Odi il tuo capo e i tuoi colleghi abbastanza da preferire non passare un minuto in più in loro compagnia di quanto dovresti? La tua azienda non può licenziarti per questo. Almeno, non in Francia.
È l’ultima sentenza del sistema giudiziario del Paese a seguito di una causa intentata da un francese contro un ex datore di lavoro.
Il sig. T – come viene riferito agli atti del tribunale per proteggere la sua identità – è entrato a far parte di Cubik Partners, una società di consulenza con sede a Parigi, nel 2011.
Nel 2015 è stato licenziato per “carenza professionale”. Secondo i documenti del tribunale, il signor T è stato licenziato perché si è rifiutato di attenersi al “divertimento e pro[fessional]” valori dell’azienda, che prevedeva seminari e aperitivi dopo il lavoro.
Libertà di espressione
Il dipendente ha quindi portato Cubik Partners davanti ai tribunali del lavoro; il caso si è intensificato fino a raggiungere la Corte di cassazione francese, il tribunale di grado più alto del paese e spesso uno di ultima istanza.
Il rifiuto del sig. T di aderire ai valori di Cubik Partners è stato considerato dal tribunale come parte della sua libertà di opinione e di espressione, in particolare dato che le attività della società avrebbero comportato “consumo eccessivo di alcol” nonché “promiscuità, bullismo e incitamento a vari eccessi e cattiva condotta”, secondo la corte archiviazione.
Oltre alla sua libertà di espressione, il tribunale ha anche riconosciuto “il diritto fondamentale del dipendente alla dignità e alla privacy”.
Il maniaco del lavoro è fuori, la “smissione silenziosa” è dentro
Il modo in cui lavoriamo è in continua evoluzione, in particolare dopo la pandemia di COVID-19.
Dopo il turno delle “grandi dimissioni”, in cui milioni di lavoratori hanno lasciato il lavoro, la tendenza delle “licenze silenziose” è l’ultima a mettere in fermento i social media e l’agenda delle notizie.
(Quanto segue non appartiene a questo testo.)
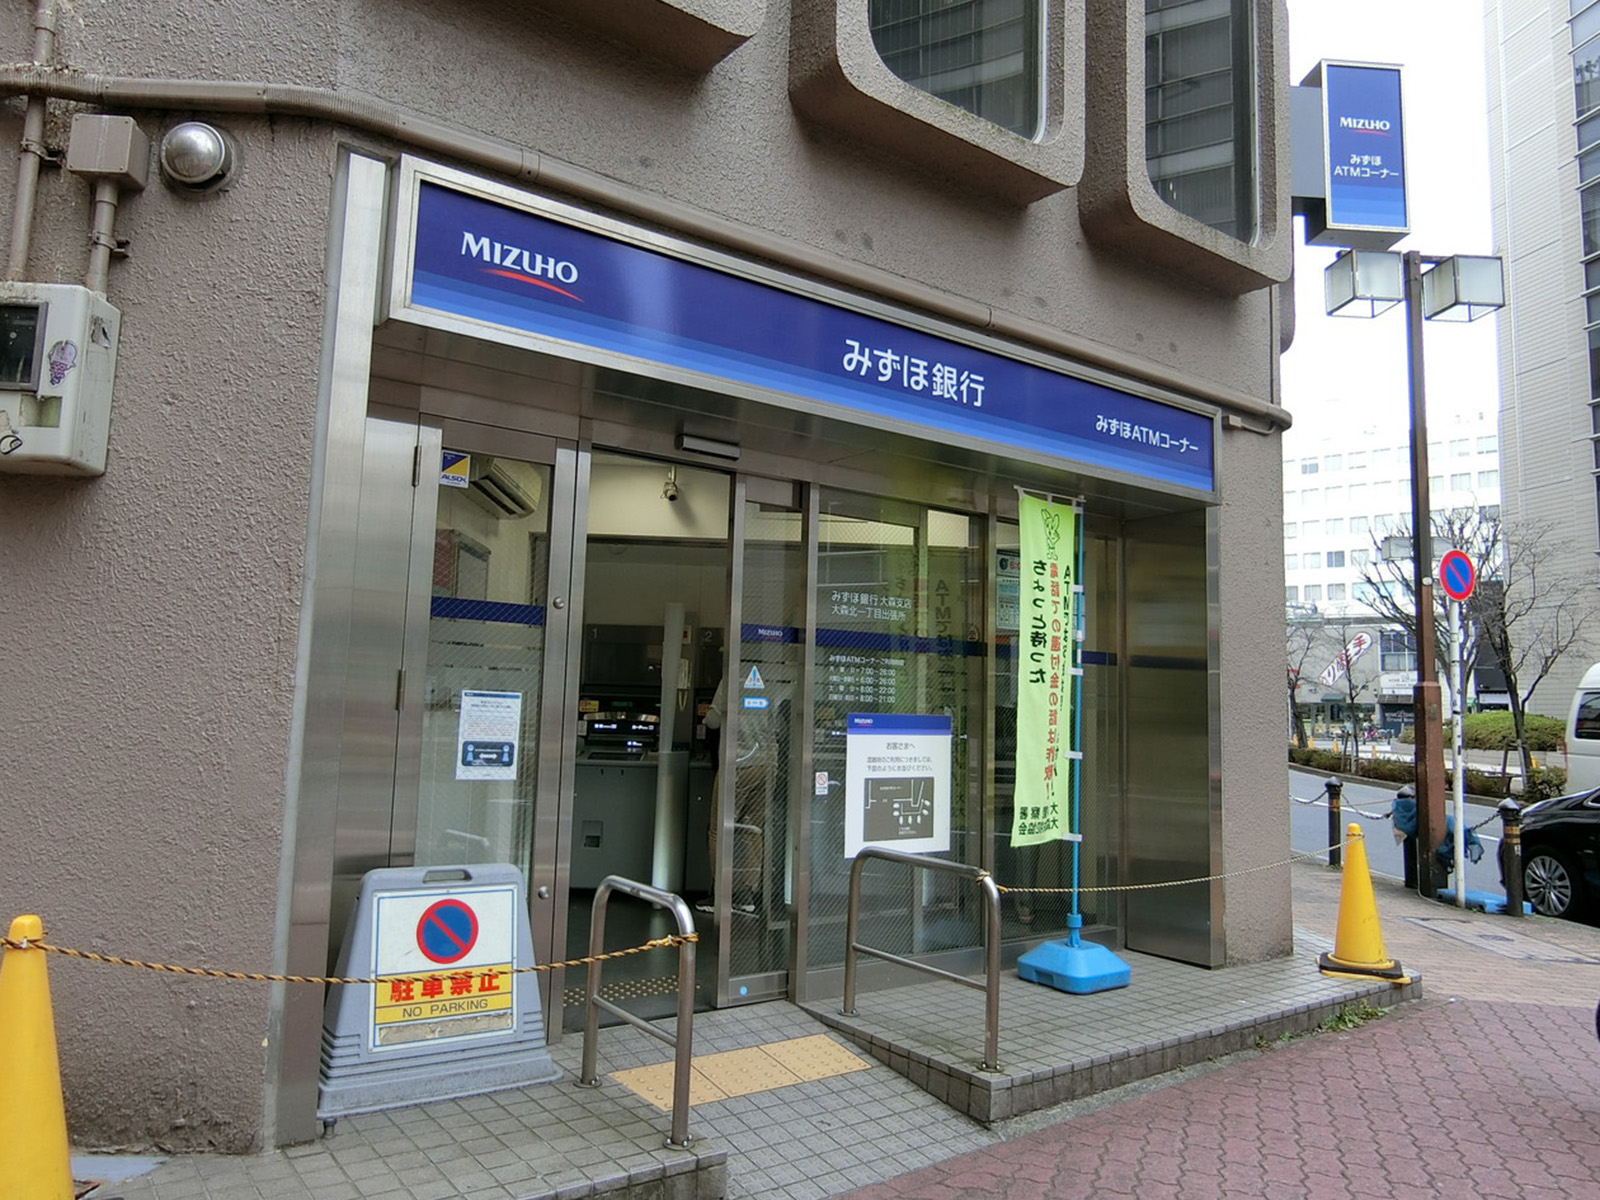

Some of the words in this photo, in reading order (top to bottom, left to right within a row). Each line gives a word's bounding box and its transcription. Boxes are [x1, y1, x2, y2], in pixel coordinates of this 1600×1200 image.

[1339, 116, 1391, 131] MIZUHO
[1349, 154, 1383, 166] みずほ
[1333, 165, 1400, 179] ATMコーナー
[461, 231, 579, 284] MIZUHO
[842, 338, 986, 408] みずほ銀行
[1095, 414, 1199, 453] みずほATMコーナー
[831, 590, 878, 606] みずほ銀行
[880, 595, 912, 609] 大森支店
[831, 603, 907, 621] 大森北一丁目出張所
[758, 628, 783, 637] MIZUHO
[854, 717, 874, 725] MIZUHO
[390, 969, 499, 1002] 駐車禁止
[403, 1006, 422, 1018] NO
[430, 999, 488, 1014] PARKING
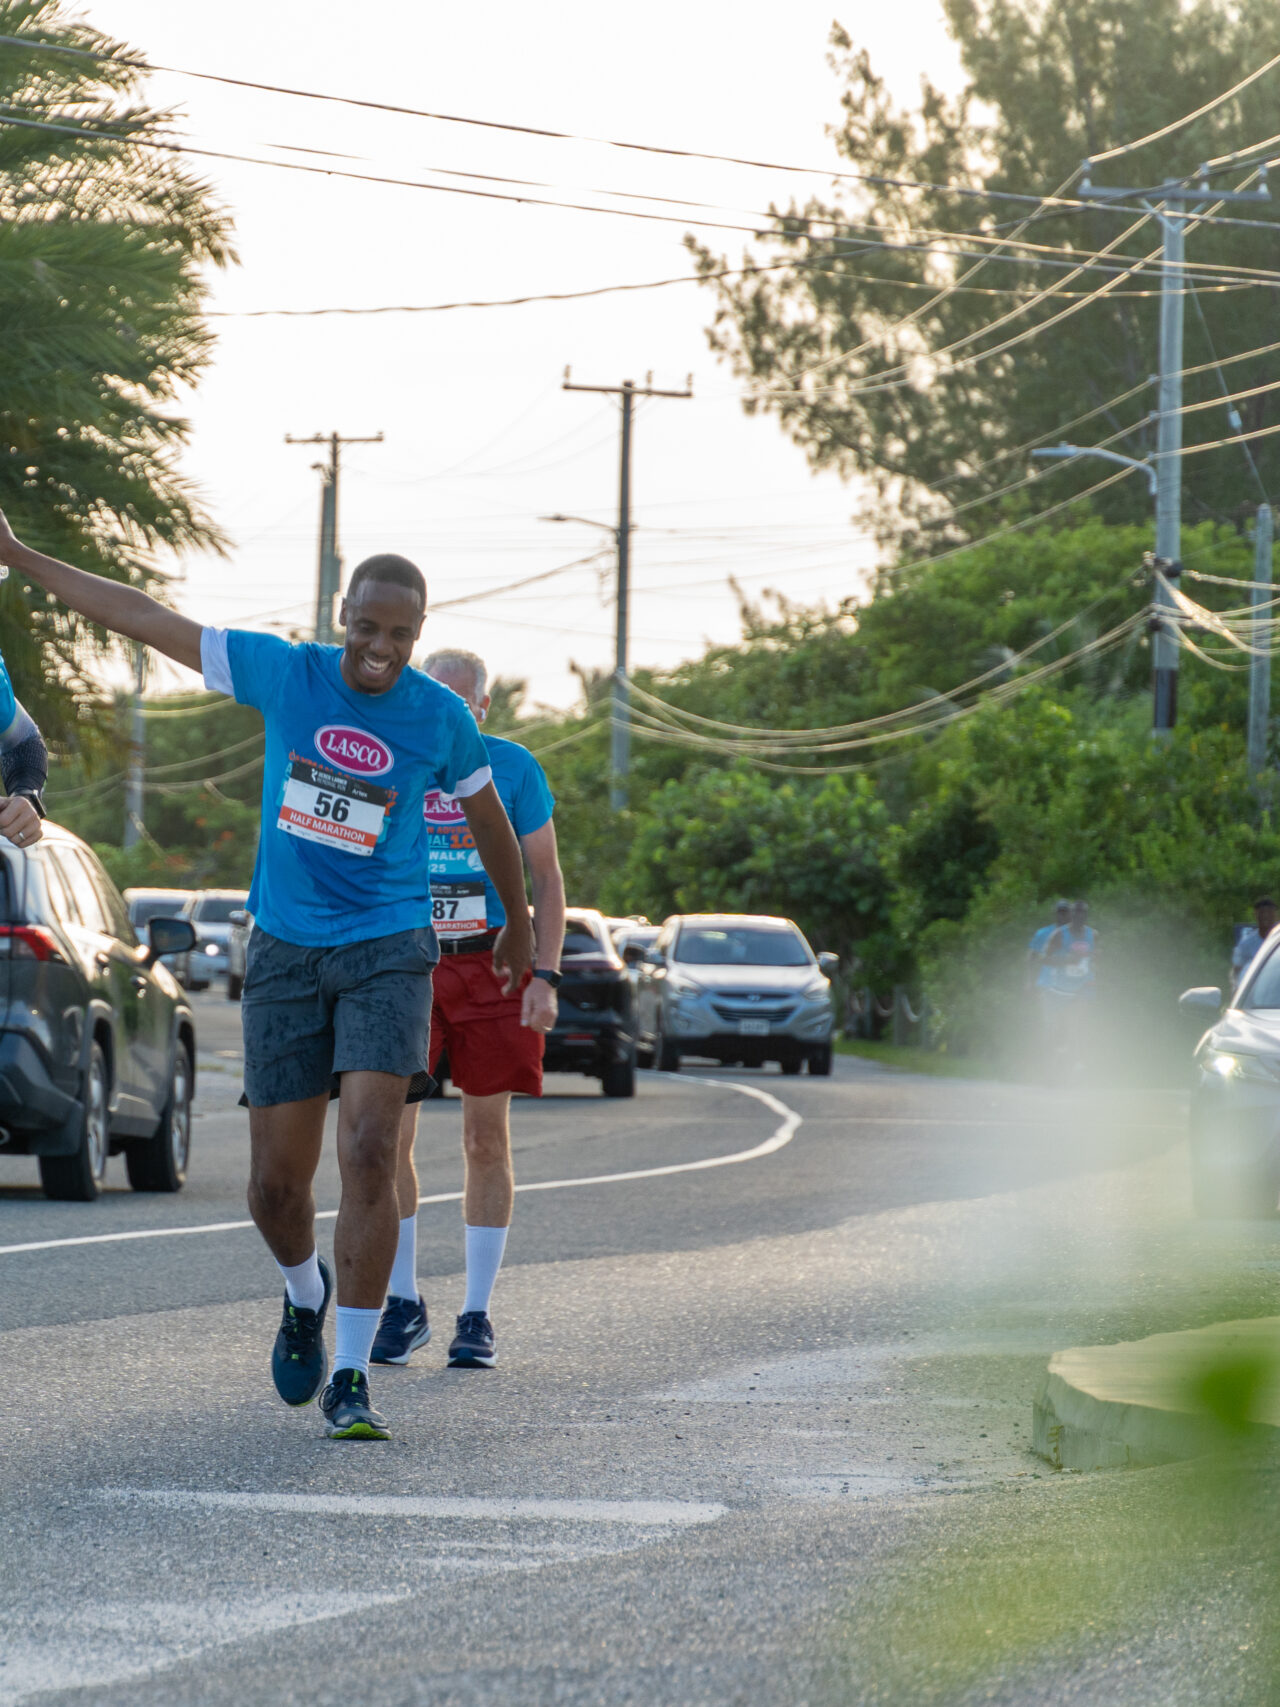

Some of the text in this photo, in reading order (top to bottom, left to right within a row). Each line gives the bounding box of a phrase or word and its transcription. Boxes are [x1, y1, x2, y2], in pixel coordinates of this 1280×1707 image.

[325, 733, 381, 767] LASCO
[313, 791, 351, 823] 56
[289, 811, 313, 826] HALF
[312, 819, 366, 843] MARATHON
[450, 834, 476, 849] 10
[429, 851, 466, 861] WALK
[432, 899, 459, 920] 87
[434, 922, 478, 930] MARATHON
Come con la maggior parte delle recenti tendenze lavorative, inclusa la “smessa silenziosa”, l’idea che le guida è in realtà un riconoscimento più chiaro dei confini tra vita personale e professionale.
Il modo in cui abbiamo lavorato tradizionalmente è oggi più sfidato che mai; da nomadismo digitale al condensato settimana di quattro giorni.
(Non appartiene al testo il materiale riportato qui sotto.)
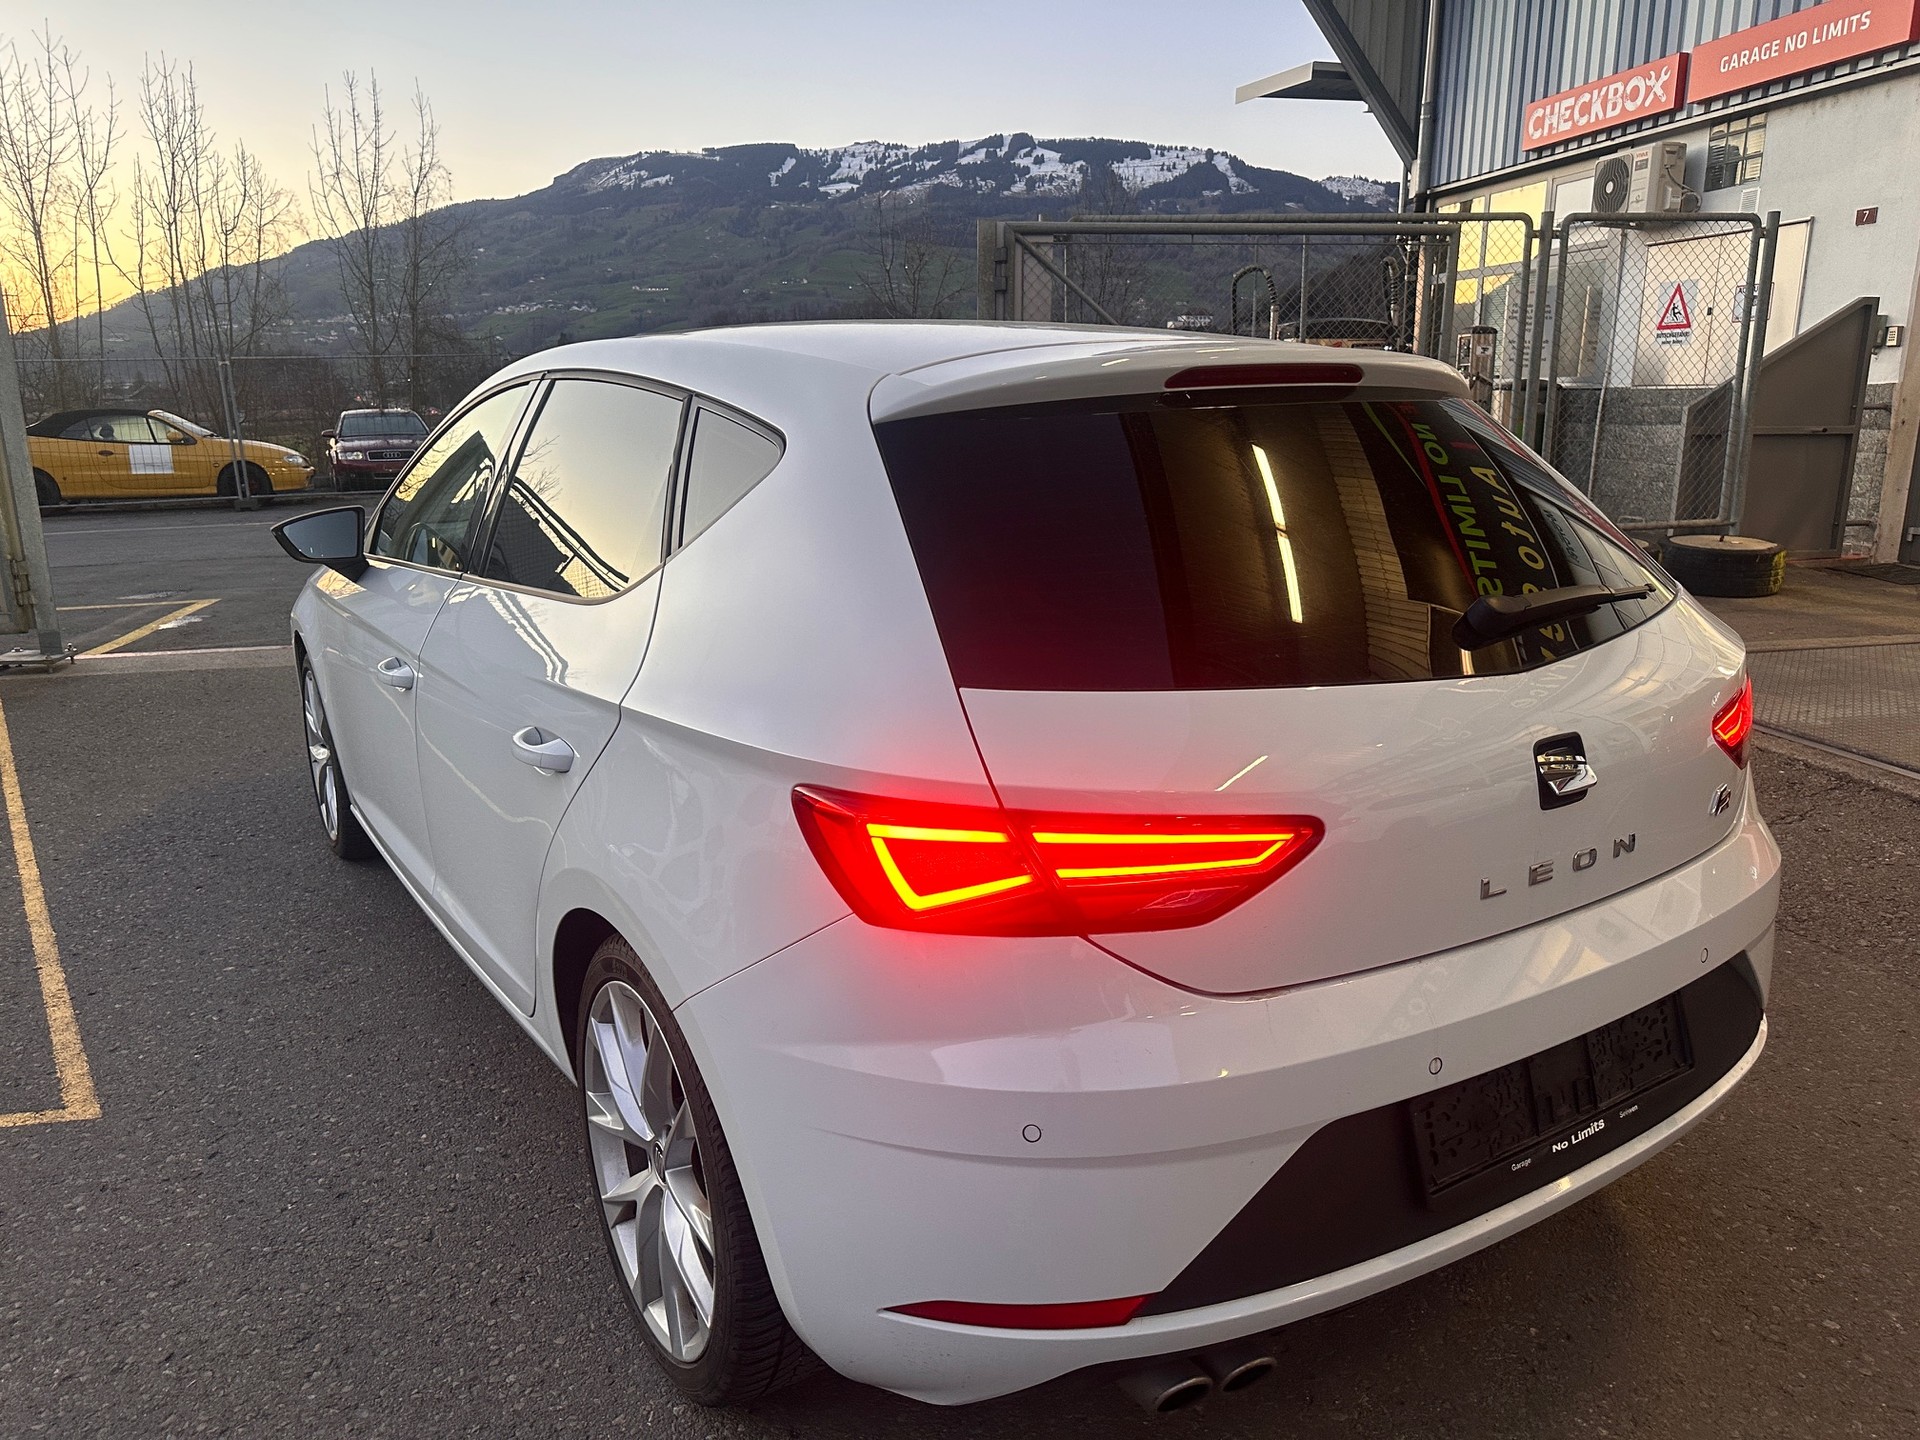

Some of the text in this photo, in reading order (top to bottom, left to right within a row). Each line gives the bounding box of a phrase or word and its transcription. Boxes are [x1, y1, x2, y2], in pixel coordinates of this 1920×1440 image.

[1719, 10, 1872, 74] GARAGE NO LIMITS
[1528, 65, 1672, 140] CHECKBOX
[1862, 210, 1870, 223] 7
[1480, 832, 1636, 900] LEON
[1511, 1158, 1532, 1172] Garage
[1552, 1141, 1569, 1153] No
[1571, 1119, 1605, 1144] Limits
Con il ritorno in ufficio dopo un periodo di lavoro a distanza, e con esso il ritorno agli eventi sociali legati al lavoro, riuscire a separare la vita lavorativa dal tempo privato sta diventando ancora una volta una sfida.
Nel caso del sig. T, la società è stata condannata a versargli un risarcimento di 3.000 euro. Il caso dovrebbe continuare dopo che il signor T ha chiesto oltre 460.000 euro in spese legali e mancato guadagno.